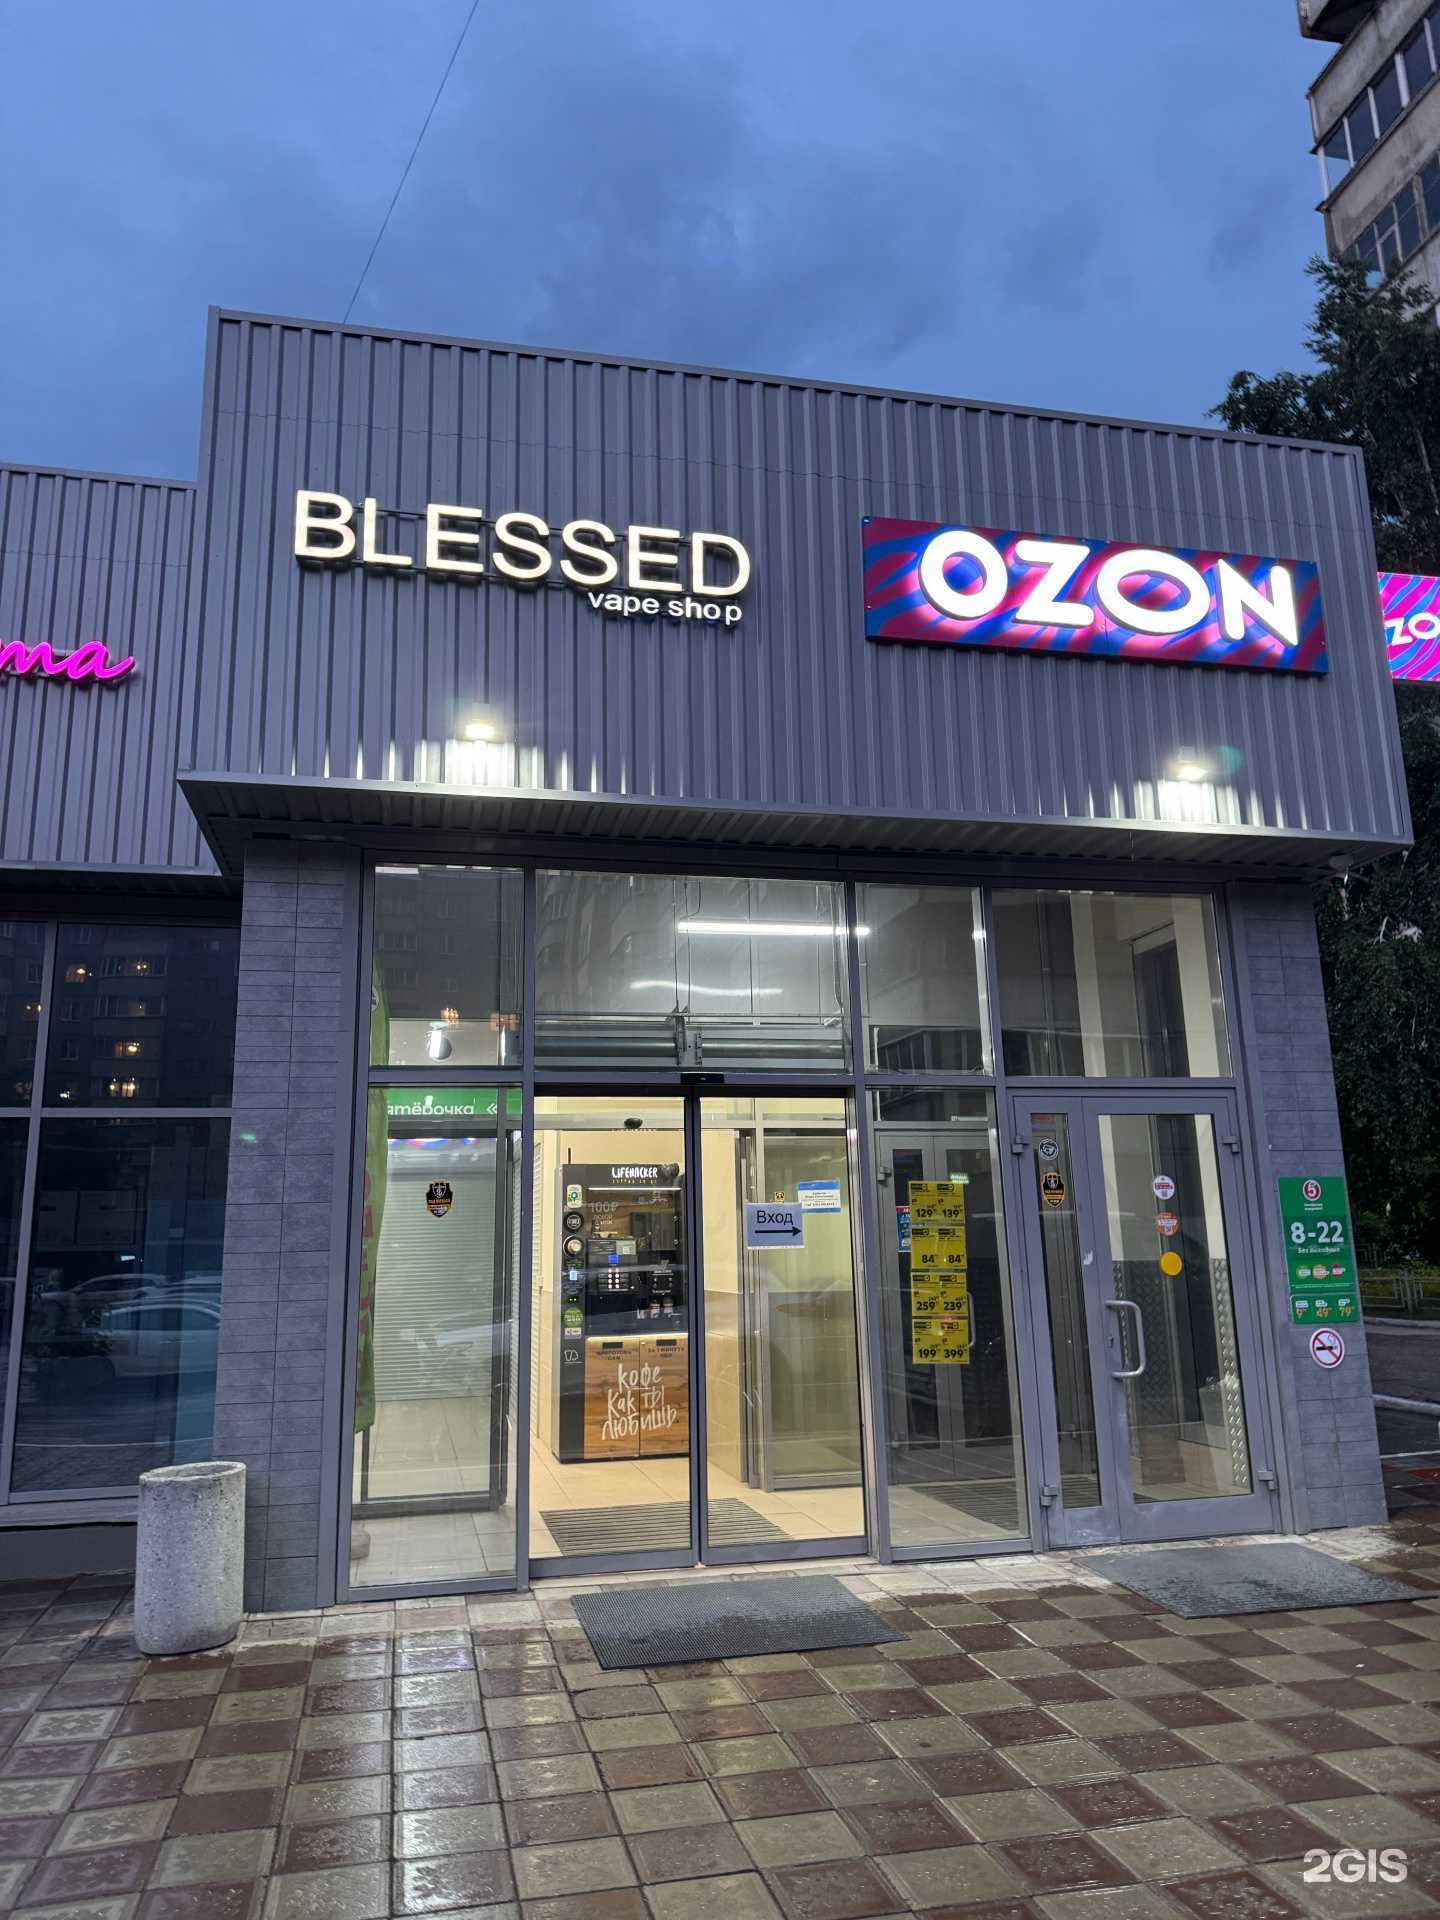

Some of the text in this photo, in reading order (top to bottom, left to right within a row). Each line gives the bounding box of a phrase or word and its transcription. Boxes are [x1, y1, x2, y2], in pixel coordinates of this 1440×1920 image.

[294, 490, 750, 596] BLESSED
[919, 530, 1298, 646] OZON
[588, 592, 742, 625] vape shop
[756, 1210, 794, 1226] Вход
[1290, 1221, 1344, 1244] 8-22

=-=-=-=-=

Please print the entries shown above again, exactly, and skip the pictures.

Some of the text in this photo, in reading order (top to bottom, left to right within a row). Each line gives the bounding box of a phrase or word and its transcription. Boxes are [x1, y1, x2, y2], in pixel coordinates of this 1440×1920 image.

[294, 490, 750, 596] BLESSED
[919, 530, 1298, 646] OZON
[588, 592, 742, 625] vape shop
[756, 1210, 794, 1226] Вход
[1290, 1221, 1344, 1244] 8-22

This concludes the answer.